#### REQUIRED WORK:
Apart from the images, reproduce all of the data word for word.

#### PROVIDED MATERIAL:

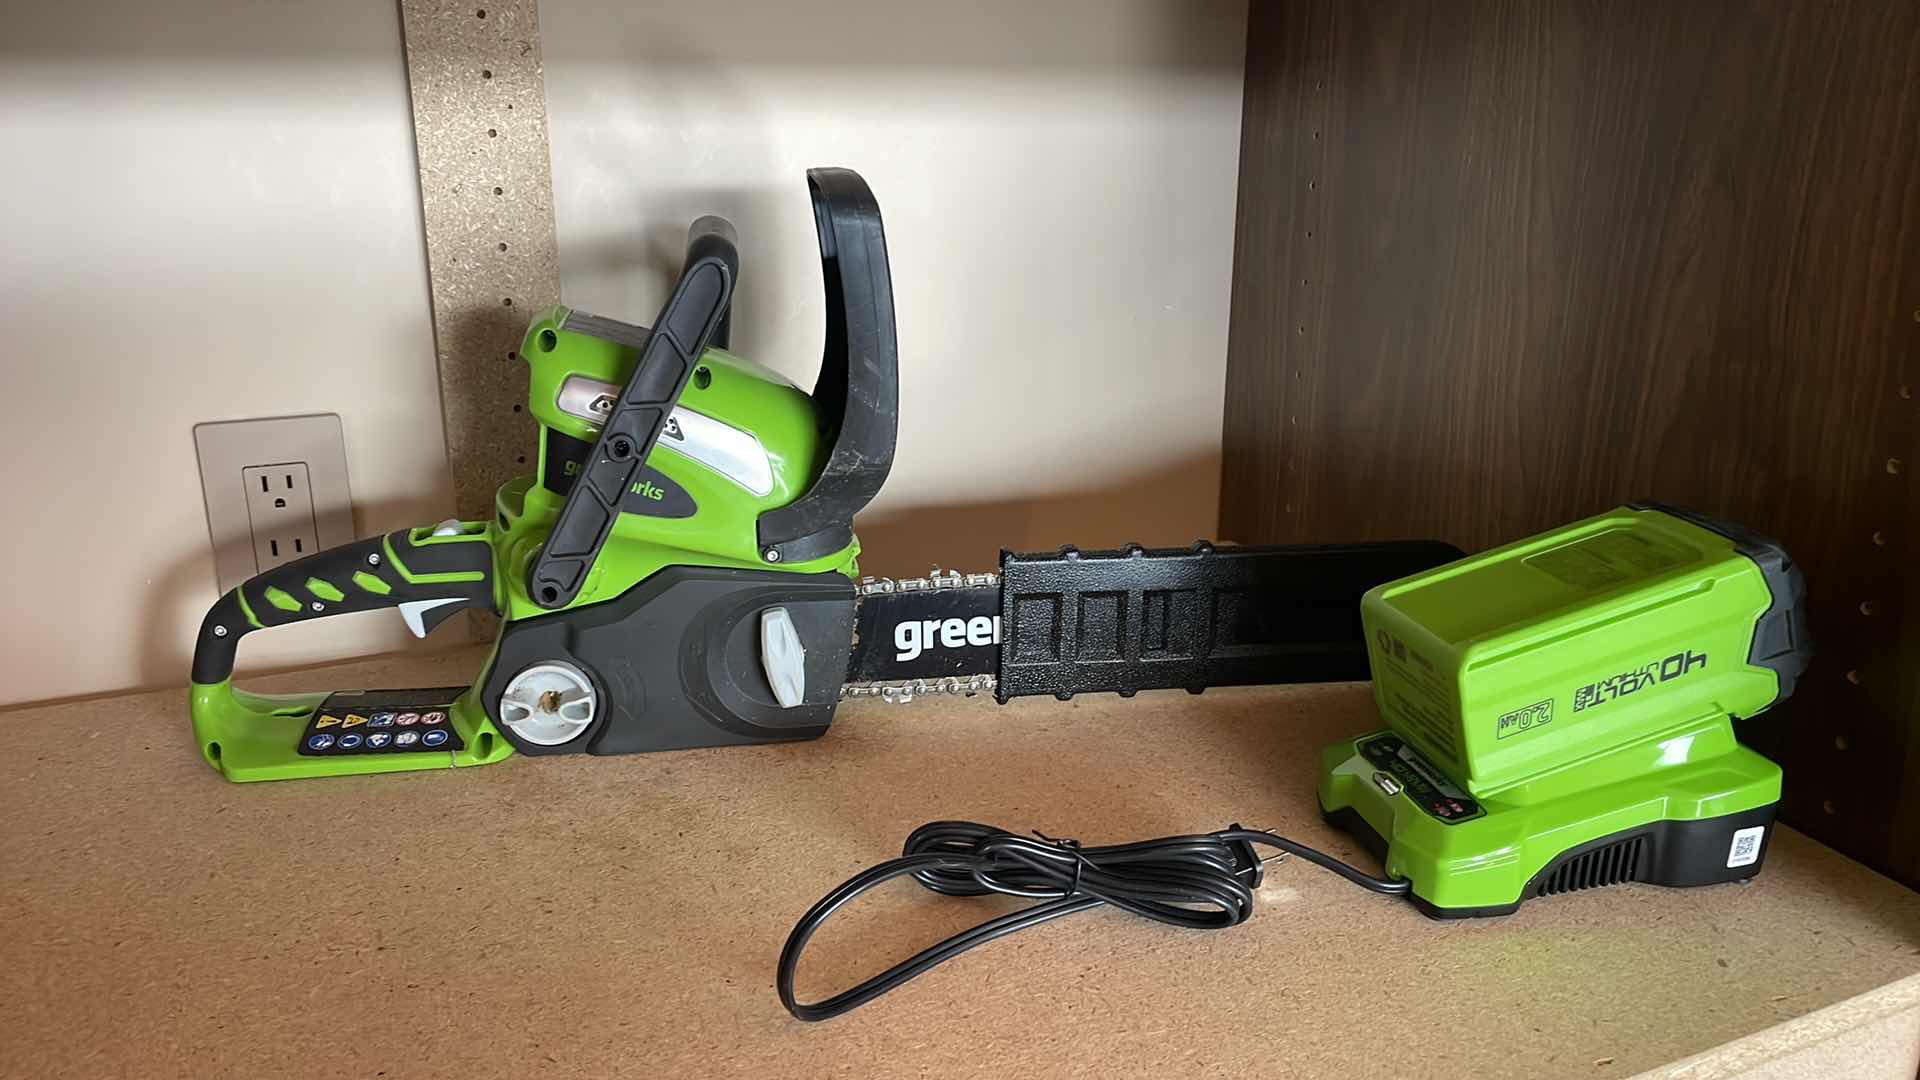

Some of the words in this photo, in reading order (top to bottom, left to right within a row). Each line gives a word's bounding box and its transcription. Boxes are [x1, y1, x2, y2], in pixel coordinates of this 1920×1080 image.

[1597, 662, 1659, 690] LITHIUM
[1660, 650, 1707, 682] 40
[1587, 673, 1655, 708] VOLT
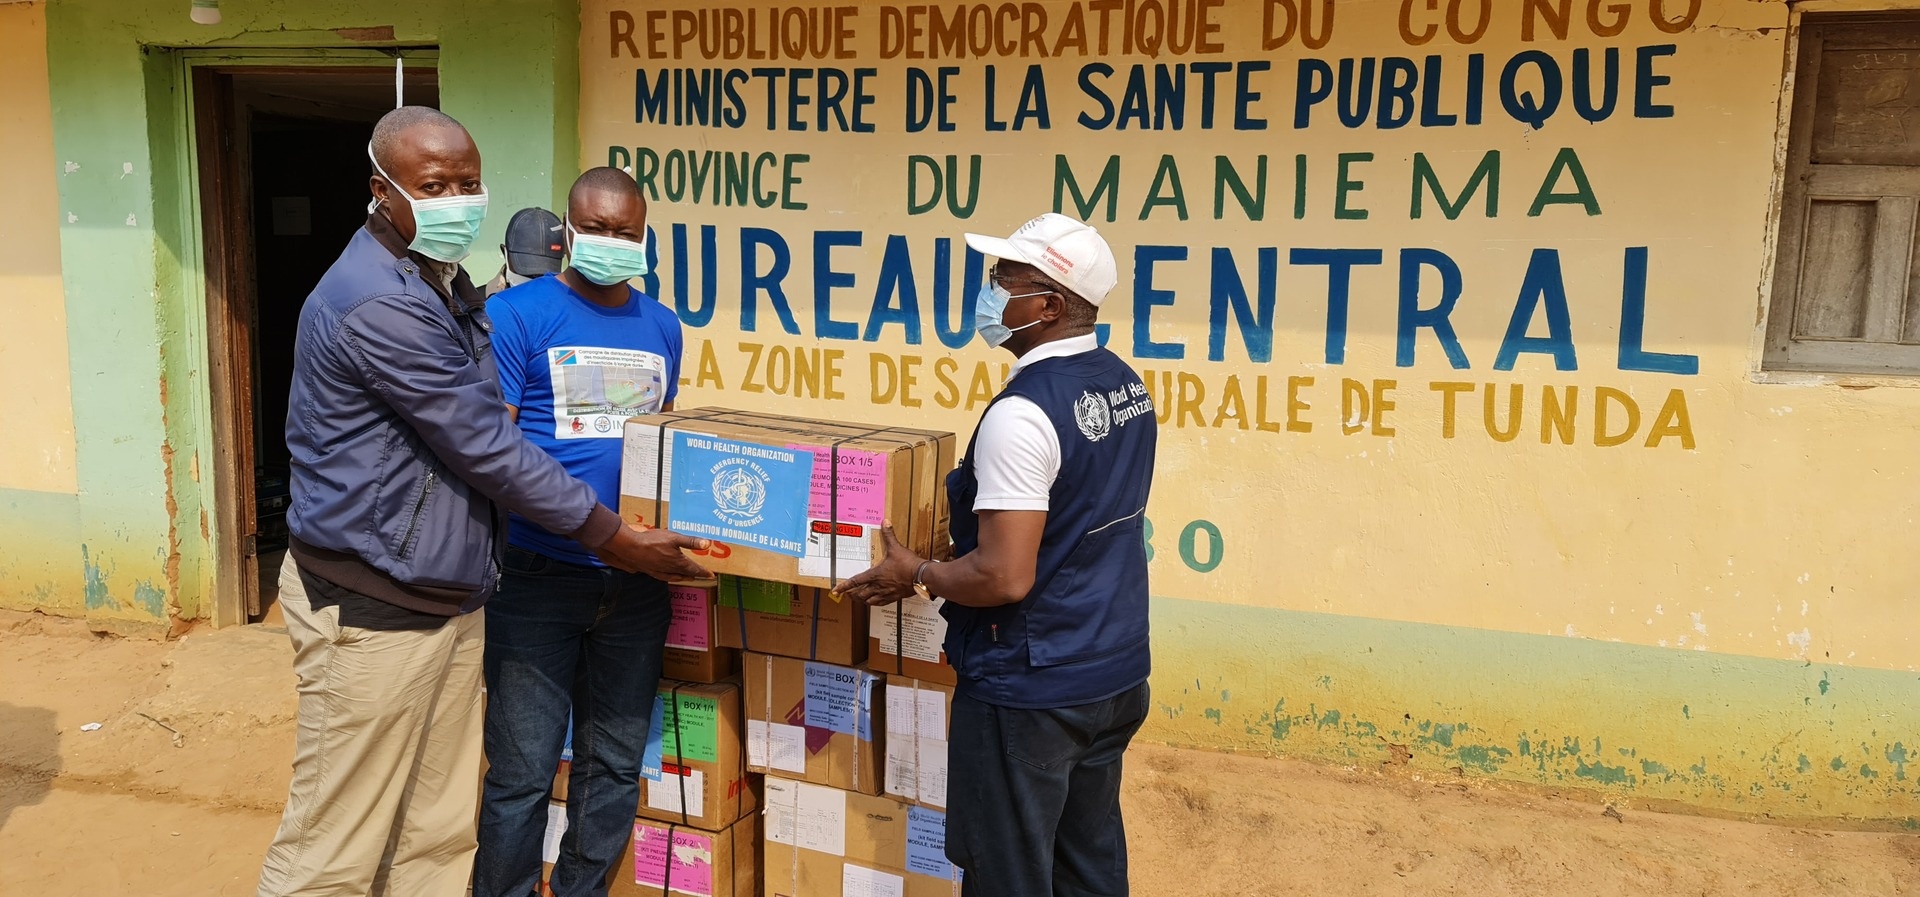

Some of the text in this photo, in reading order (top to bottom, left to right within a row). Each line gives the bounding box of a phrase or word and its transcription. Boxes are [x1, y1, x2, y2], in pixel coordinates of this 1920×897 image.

[610, 0, 1702, 61] REPUBLIQUE DEMOCRATIQUE DU CONGO
[635, 44, 1677, 133] MINISTERE DE LA SANTE PUBLIQUE
[907, 154, 982, 219] DU
[1053, 148, 1603, 222] MANIEMA
[1046, 246, 1074, 268] Eliminons
[1095, 245, 1699, 375] ENTRAL
[738, 341, 845, 400] ZONE
[869, 352, 923, 409] DE
[1143, 369, 1315, 435] URALE
[1341, 377, 1398, 438] DE
[1429, 381, 1697, 449] TUNDA
[1127, 382, 1148, 398] Hea
[687, 437, 795, 463] WORLD HEALTH ORGANIZATION
[859, 457, 873, 467] 1/5
[710, 457, 771, 483] EMERGENCY RELIEF
[852, 477, 876, 485] CASES)
[713, 508, 764, 528] AIDE D'URGENCE
[672, 519, 720, 536] ORGANISATION
[722, 527, 757, 543] MONDIALE
[759, 534, 768, 545] DE
[769, 537, 779, 547] LA
[780, 538, 802, 552] SANTE
[835, 673, 855, 684] BOX
[683, 701, 714, 713] BOX 1/1
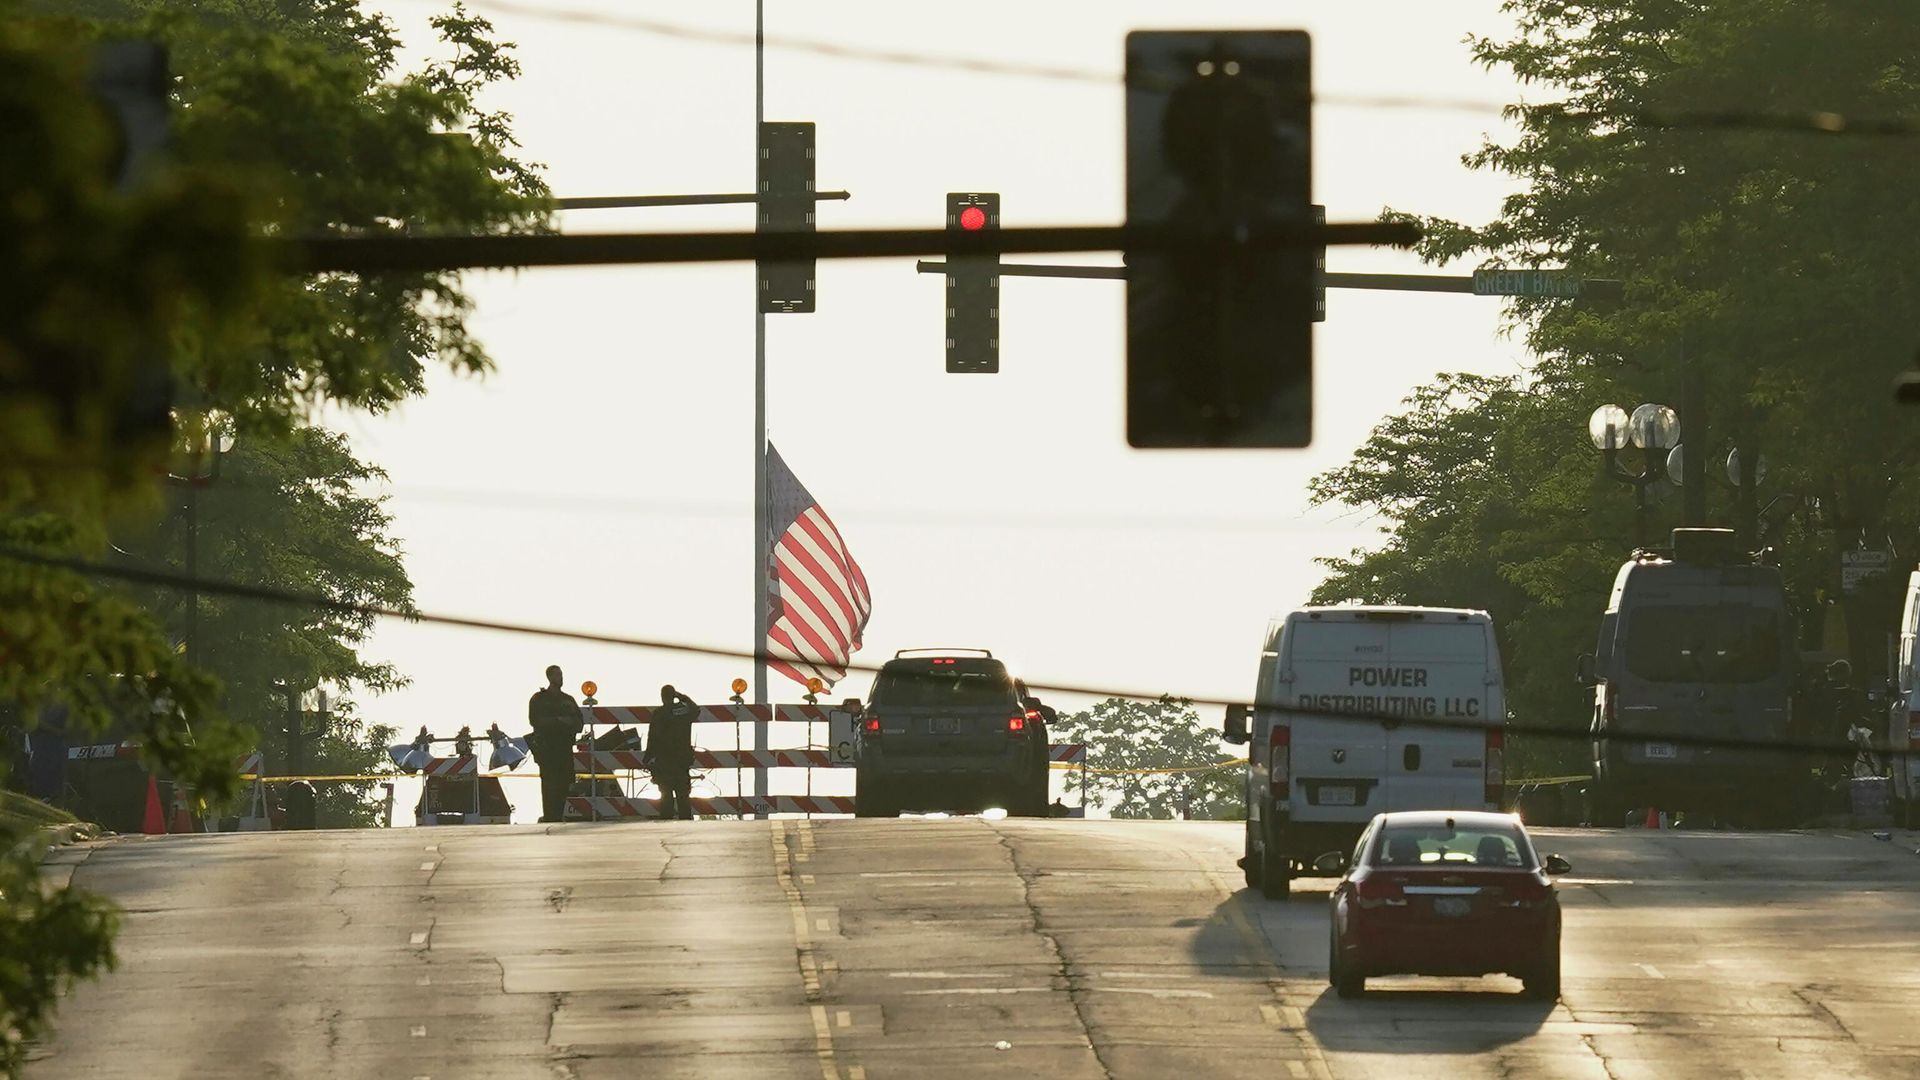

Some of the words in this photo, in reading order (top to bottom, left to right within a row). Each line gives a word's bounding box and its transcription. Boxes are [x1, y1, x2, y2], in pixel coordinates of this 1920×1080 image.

[1475, 271, 1524, 294] GREEN
[1350, 668, 1427, 687] POWER
[1300, 695, 1437, 718] DISTRIBUTING
[1445, 698, 1480, 717] LLC

#### RESPONSE TO THIS TASK:
Some of the words in this photo, in reading order (top to bottom, left to right within a row). Each line gives a word's bounding box and its transcription. Boxes are [x1, y1, x2, y2], in pixel coordinates of this 1920×1080 image.

[1597, 662, 1659, 690] LITHIUM
[1660, 650, 1707, 682] 40
[1587, 673, 1655, 708] VOLT

Some of the text in this photo, in reading order (top to bottom, left to right within a row). Each line gives the bounding box of a phrase or word and its transcription. Boxes are [x1, y1, x2, y2], in pixel coordinates of this 1920×897 image.

[610, 0, 1702, 61] REPUBLIQUE DEMOCRATIQUE DU CONGO
[635, 44, 1677, 133] MINISTERE DE LA SANTE PUBLIQUE
[907, 154, 982, 219] DU
[1053, 148, 1603, 222] MANIEMA
[1046, 246, 1074, 268] Eliminons
[1095, 245, 1699, 375] ENTRAL
[738, 341, 845, 400] ZONE
[869, 352, 923, 409] DE
[1143, 369, 1315, 435] URALE
[1341, 377, 1398, 438] DE
[1429, 381, 1697, 449] TUNDA
[1127, 382, 1148, 398] Hea
[687, 437, 795, 463] WORLD HEALTH ORGANIZATION
[859, 457, 873, 467] 1/5
[710, 457, 771, 483] EMERGENCY RELIEF
[852, 477, 876, 485] CASES)
[713, 508, 764, 528] AIDE D'URGENCE
[672, 519, 720, 536] ORGANISATION
[722, 527, 757, 543] MONDIALE
[759, 534, 768, 545] DE
[769, 537, 779, 547] LA
[780, 538, 802, 552] SANTE
[835, 673, 855, 684] BOX
[683, 701, 714, 713] BOX 1/1

Some of the words in this photo, in reading order (top to bottom, left to right within a row). Each line gives a word's bounding box and its transcription. Boxes are [x1, y1, x2, y2], in pixel coordinates of this 1920×1080 image.

[1475, 271, 1524, 294] GREEN
[1350, 668, 1427, 687] POWER
[1300, 695, 1437, 718] DISTRIBUTING
[1445, 698, 1480, 717] LLC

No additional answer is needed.